By John Taylor; 2010 July 29, Kalimat 16, 167 BE


As we saw last time, in the ancient world the stoa (porch) was a public building, a free standing structure with an "extended roofed colonnade" built facing a street or square. It often was a portico or "market-hall ... consisting of a long straight colonnade with a vertical wall and sometimes rooms at the back and a roof over." Being covered over by a roof and surrounded by stairs and pillars, the stoa offered ample light and fresh air, yet was largely protected from wind and rain.

The stoa offered a nascent civilization a buffer zone among its functions and spaces, similar to the way an airlock in a space ship or submarine permits a slow transition to the outside environment. As public property located in the center of town, it provided neutral ground; it was beautiful, imposing and was a convenient place to congregate. For all these reasons, stoa proved to be fertile locales for public talks, discussions, small classes and convivial conversation. A special breed of citizen was nurtured in the stoa, one not afraid to get his hands dirty in the work of government -- in spite of a prejudice against manual labour that otherwise crippled slave owning societies from technological advance. This is reflected in the word "stoic," for someone who moderates speech, desires and passions, which comes out of a philosophy born in one of the stoa of Athens.

Stoa were used in religion as well. Temples like the Parthenon were held sacred by all. This meant they were unlikely to be robbed, so they doubled as banks and storehouses. These sanctified locations were built surrounded by a stoa, including a walkway, collonades and stairs. This created a transition zone between public and holy spheres where worshippers could reflect and duly prepare themselves when entering or leaving. In later centuries stoa were built into private houses and became known as porches or verandahs; these too served as a transition belt between public and private space.

Today civilization in general has fallen into disrepute, and consequently stoa and verandahs have gone out of fashion. Even banks no longer have the marble pillars and tall ceilings designed to impress visitors with the institutions permanence and stability. This loss of a place and time for crossings surely is one reason why our modern world seems so hurried, busy and frenetic. When nothing stands still, everything seems subject to change. We have fewer sacred spaces where citizens take in an atmosphere of awe and reverence, and few relaxed, neutral places where citizens can engage in serious discussion for its own sake.

All this will change when a world government forms. The cosmopolitan condition will be inaugurated as institutions of governance take on distinct functions with clear phasing between them. The recapitulating ten-year-plan will instantiate this in time as well as space. As mentioned, it has three distinct modes, one sacred (religion), one for enlightenment (science and education) and one for peace (politics). Between each is a distinct zone of transition. The stoa, the outward symbol of this, will surely once again become the most prominent architectural feature of the built world.

A row of pillars, or collonade, is highly symbolic of the most sacred goal of a world order, which is wisdom. Each pillar is held up by solid ground, and each pillar in turn bears an equal portion of the weight holding up its roof. Comenius pointed out that such balanced order requires not only philosophy, the love of wisdom, but also what he called pansophy, universal wisdom.

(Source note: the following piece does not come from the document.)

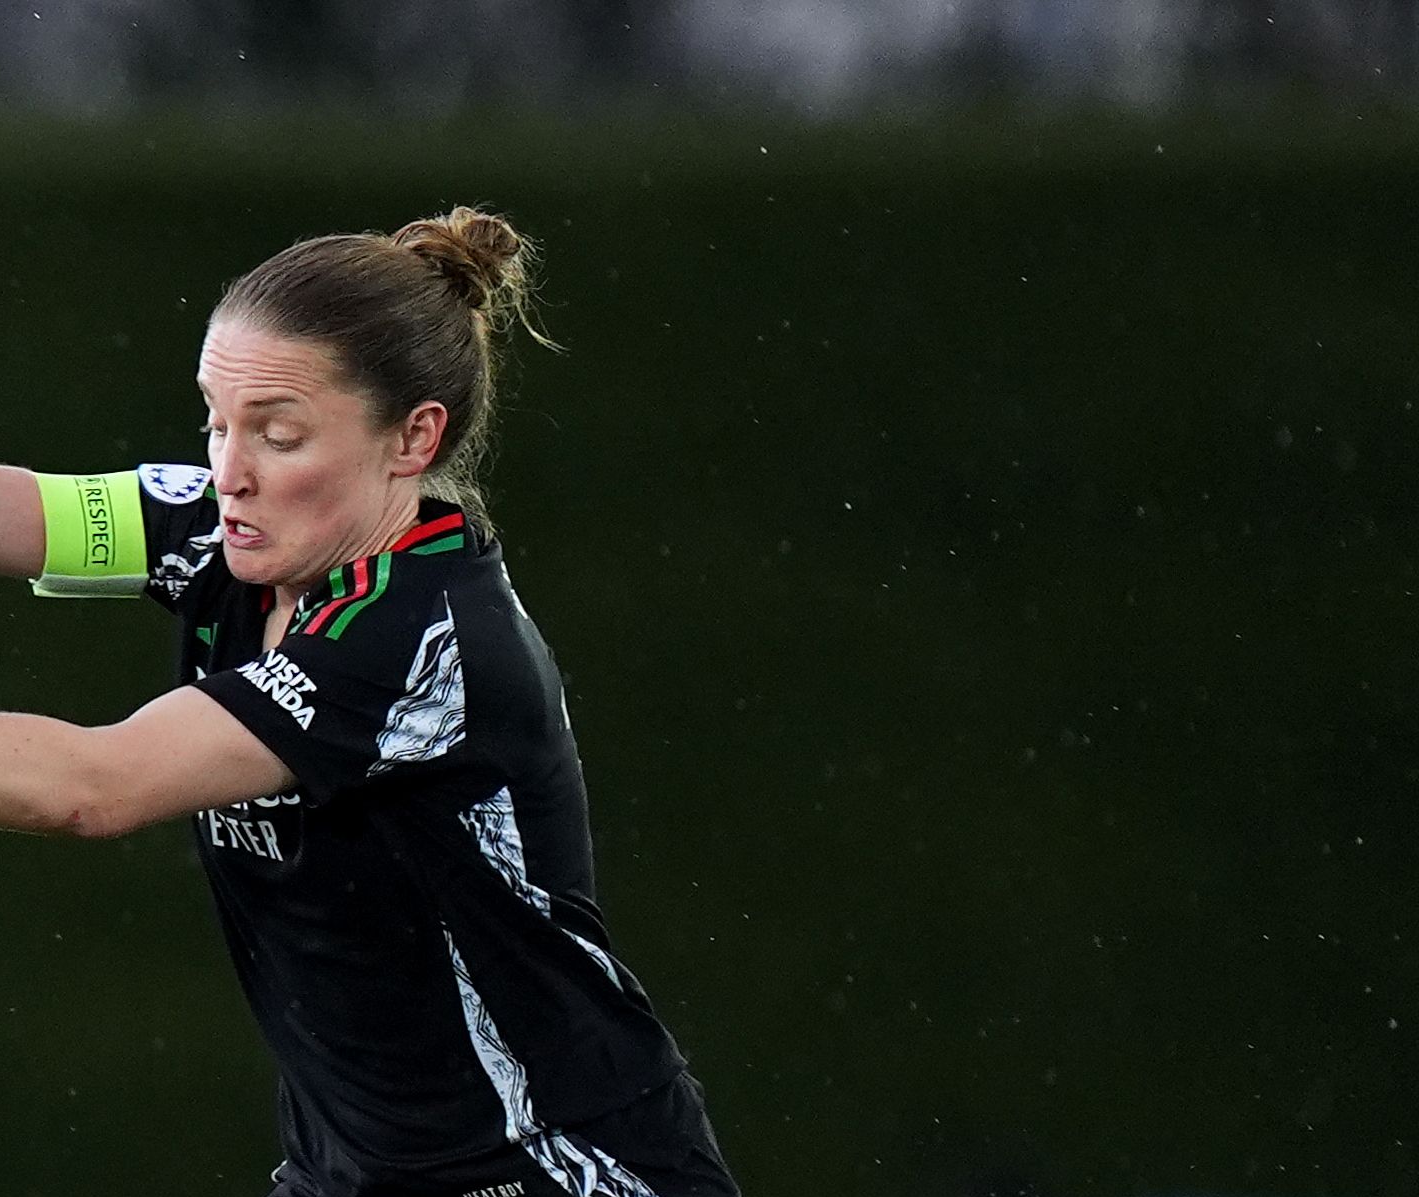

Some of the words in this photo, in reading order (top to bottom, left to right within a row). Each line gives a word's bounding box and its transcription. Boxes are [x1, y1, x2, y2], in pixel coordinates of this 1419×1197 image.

[84, 488, 109, 567] RESPECT
[264, 648, 317, 693] VISIT
[198, 808, 284, 862] ETTER

"For in the final age of the World man must come to the highest stage of all. Therefore philosophy, or the love of wisdom, is not sufficient; wisdom itself must be present, and not its shadow but its body, and its body in whole and not in part; therefore it is not merely wisdom, but Universal Wisdom, that we need." (Panorthosia II, Ch. 10, para 43, p. 170)


Universal wisdom only thrives when the entire society, top to bottom, is wise, when like the erect columns each individual bears upon herself the responsibility for all three aspects of wisdom, religion, science and politics.

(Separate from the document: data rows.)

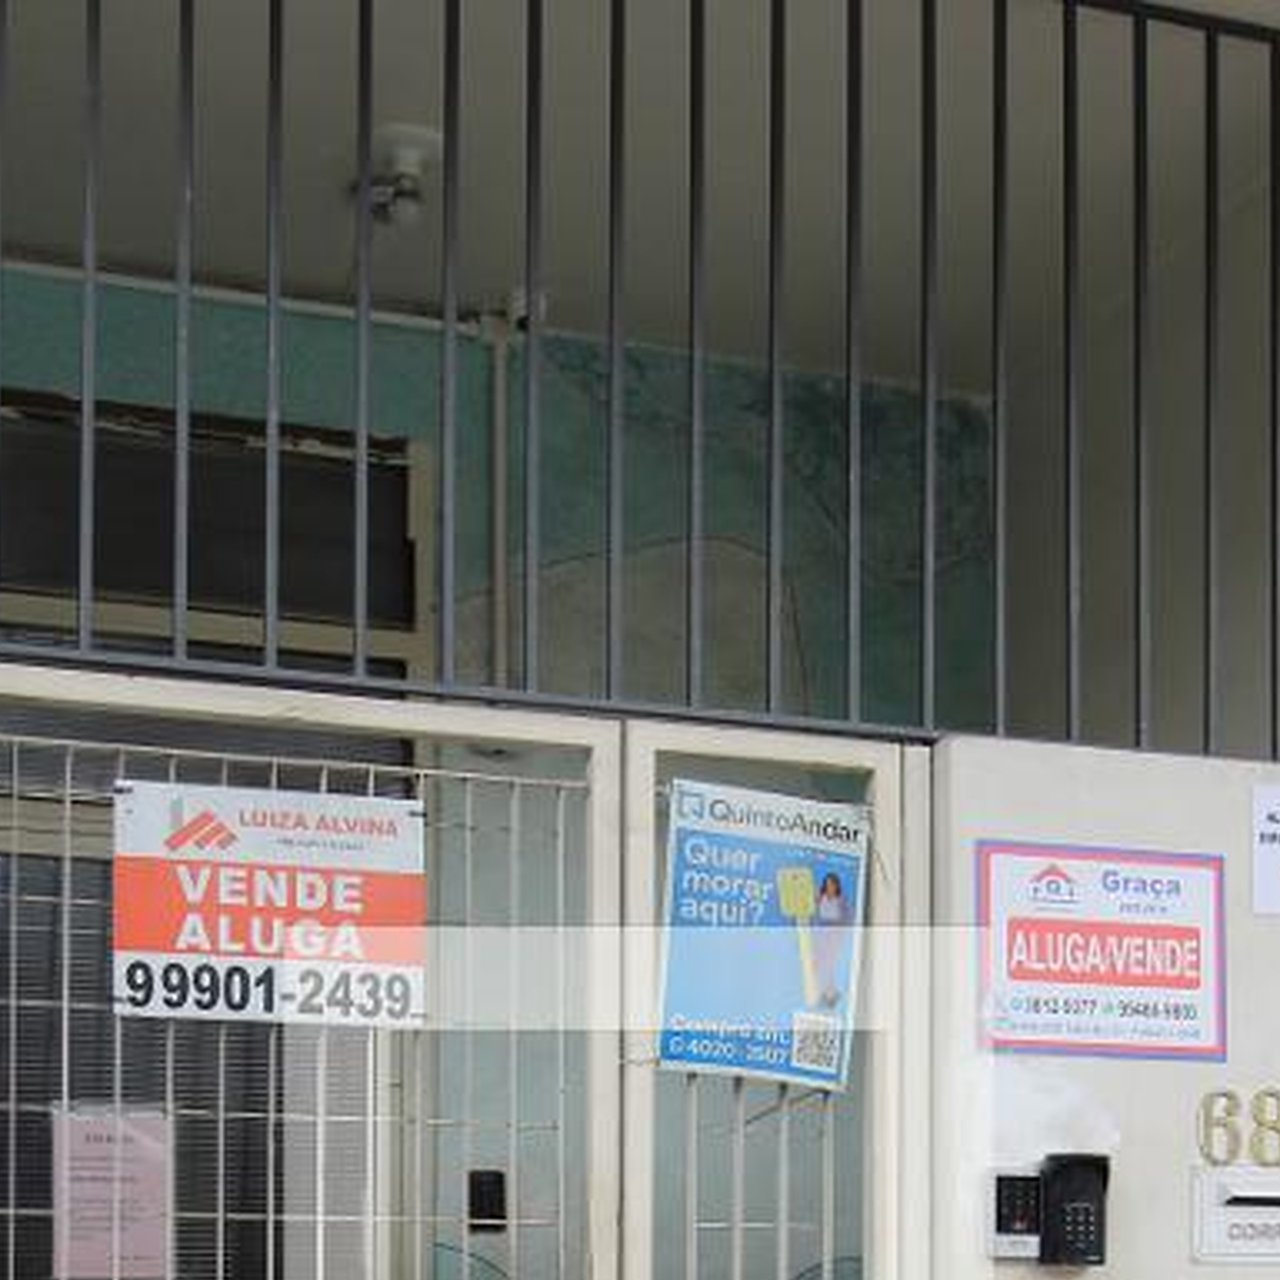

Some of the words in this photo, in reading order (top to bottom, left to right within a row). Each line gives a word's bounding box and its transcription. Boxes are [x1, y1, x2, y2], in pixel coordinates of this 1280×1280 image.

[238, 808, 310, 832] LUIZA
[315, 812, 398, 839] ALVINA
[708, 798, 860, 844] QuintoAndar
[683, 838, 761, 874] Quer
[175, 864, 365, 914] VENDE
[681, 869, 773, 901] morar
[1101, 870, 1182, 899] Graça
[678, 897, 765, 927] aqui?
[175, 912, 365, 960] ALUGA
[125, 960, 412, 1019] 99901-2439

Why are tall pillars holding up the roof of a stoa such an powerful symbol of universal wisdom? I think it is because they are a reflection of the form of a forest. In nature tall trees do the same thing, they hold up a high canopy of leaves and greenery, creating a clear space between the roof and floor of the wood.
One of the first environmentalists and forestry experts, Richard St.Barbe Baker, came to religion in a forest of Hampshire. In his autobiography, "My Life, My Trees," he tells how as a child with bated breath he came to a realization of how the natural organization of a forest happily combines all the best features of communism, capitalism and every other "ism" in human governance. Here the whole adds up to more than the sum of its parts.

Similarly, in his work on world government, Immanuel Kant also observed what an astonishing paradigm trees are of ideal organization. He remarked that when trees are left alone in a field to grow they often grow every which way, ugly and crooked. However, in a mature forest the stately trees invariably grow straight and tall. Competition for scarce sunlight forces them to extend their branches as high into the air as possible. Lately, researchers in rain forests have uncovered an entire ecosystem in the high foliage of the forest canopy.

The stoa serves as a constant reminder that citizens can do no better than imitate the organizational brilliance that works itself out in nature on its own. The cosmopolitan condition will be our condition if we plant actual trees everywhere, and in human occupied areas we build long stoa.
This will become even more the case as we banish automobiles and other vehicles from sight in our cities. Long stoa could run down the sides of every street offering shelter to pedestrians, merging with the porches of households, the collonades surrounding public buildings and places of worship. Stoa might also run around the public squares located on street corners -- we shall be calling these common areas "Worker's Palaces, based on a proposal by Flora Tristan. Stoa at street corners may function like pedestrian and bicycle traffic circles guiding traffic in desirable directions.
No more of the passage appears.